Long before Kim Kardashian’s Selfish—before the selfie was technologically feasible, let alone a generation’s preferred form of self-expression—Pamela Singh was taking pictures of herself. Her innovative, curiously intimate efforts at self-portraiture are the subject of “The Treasure Maps of Pamela Singh,” showing at sepia EYE through June 30.
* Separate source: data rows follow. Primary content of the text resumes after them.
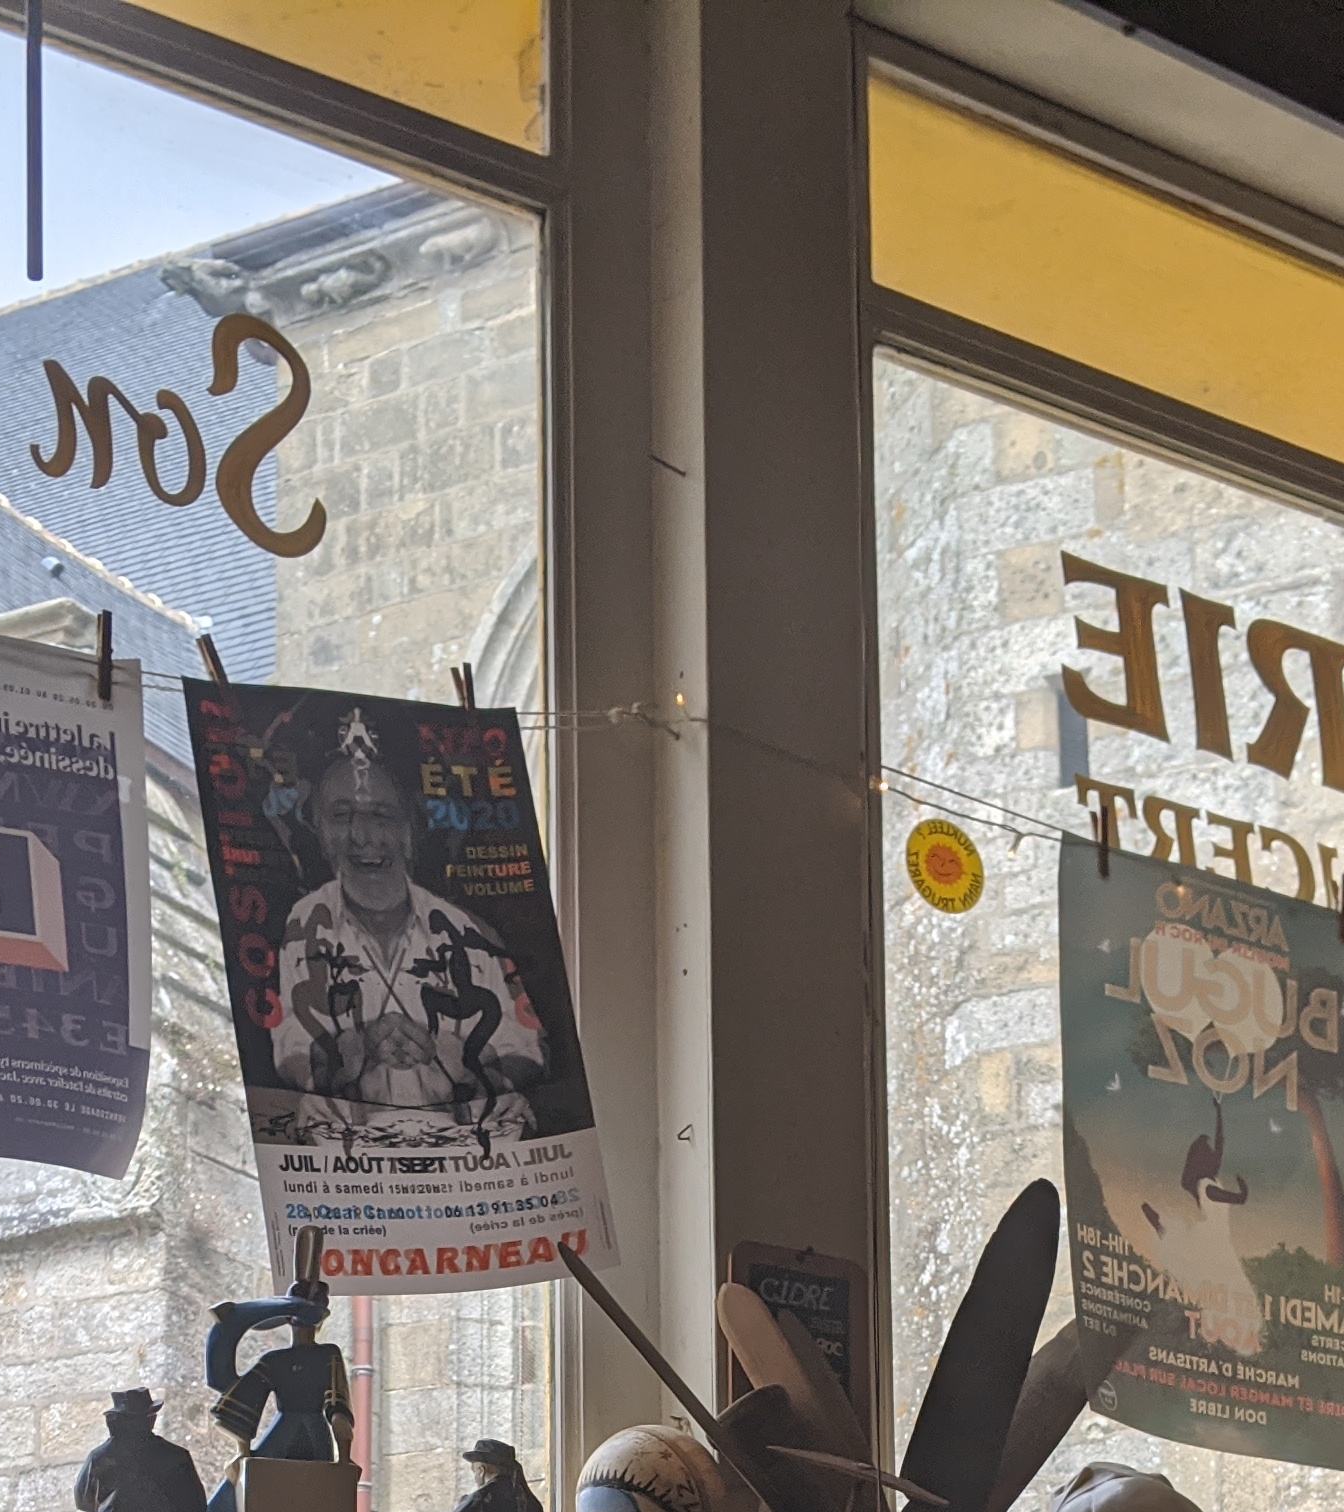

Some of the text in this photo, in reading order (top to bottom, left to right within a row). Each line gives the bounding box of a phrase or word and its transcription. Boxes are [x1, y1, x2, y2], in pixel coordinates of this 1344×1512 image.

[419, 755, 519, 799] ÉTÉ
[424, 798, 523, 832] 2020
[465, 842, 529, 860] DESSIN
[445, 859, 533, 879] PEINTURE
[462, 877, 536, 897] VOLUME
[279, 1154, 322, 1174] JUIL
[333, 1151, 385, 1175] AOÛT
[283, 1180, 319, 1196] lundi
[335, 1181, 385, 1195] samedi
[338, 1224, 351, 1237] la
[352, 1223, 388, 1238] criée)
[320, 1228, 588, 1278] ONCARNEAU
[758, 1276, 836, 1312] CIDRE
Singh boasts an unconventional CV—born in New Delhi, she was crowned Miss India in 1982. In the UK, she was enmeshed in scandal in the late eighties, when, supposedly, she worked as an escort whose high-profile clients included two newspaper editors and the sports minister; she was married, briefly, to a convicted arms dealer. Again, in these post-Kardashian years, when sex tapes can mint a reputation and Instagram is probably the most interesting medium in art, none of this is surprising, much less damning—but at the time it was too salacious for the public appetite. SHE WAS THE ESCORT GIRL WHOSE AFFAIRS WITH ESTABLISHMENT FIGURES SHOCKED BRITAIN, reads a typically down-the-nose Daily Mailheadline from 2010. “Today, Pamella Bordes chats up men on the internet.” Don’t we all?
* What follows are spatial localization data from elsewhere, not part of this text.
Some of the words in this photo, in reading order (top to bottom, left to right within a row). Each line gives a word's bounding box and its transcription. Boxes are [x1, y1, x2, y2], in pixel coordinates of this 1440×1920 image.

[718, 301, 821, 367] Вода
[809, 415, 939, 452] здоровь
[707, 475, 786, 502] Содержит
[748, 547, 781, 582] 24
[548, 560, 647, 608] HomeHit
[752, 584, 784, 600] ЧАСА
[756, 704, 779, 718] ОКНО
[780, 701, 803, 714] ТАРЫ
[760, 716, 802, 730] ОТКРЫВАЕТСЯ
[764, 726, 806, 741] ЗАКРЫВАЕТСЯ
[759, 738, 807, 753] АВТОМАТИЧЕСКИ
What Singh needed was a career change. In the nineties, hoping to discard her sordid past—et cetera, et cetera—Singh sought refuge in photography, for which she’d always had an affinity; she took up a career as a photojournalist and was published in newspapers and magazines like the Independent, the Sunday Times, Marie Claire, the Washington Post, Newsweek, Paris Match, and Photo. Along the way it occurred to her to attach a rear-view mirror to her camera—a true selfie stick, in that it was self-made and self-executed. “In this ‘pre-selfie’ world,” as the gallery puts it, “she spent her days wandering through the maze of the city, inserting herself within the daily life of the townspeople.” Now, some twenty years later, she’s applied color to the photographs using oil, acrylic, vermillion, mud, and gold. The results, at their best, are as vibrant as anything in Selfish, and as freighted in their guileless fascination with celebrity, femininity, and scandal-mongering.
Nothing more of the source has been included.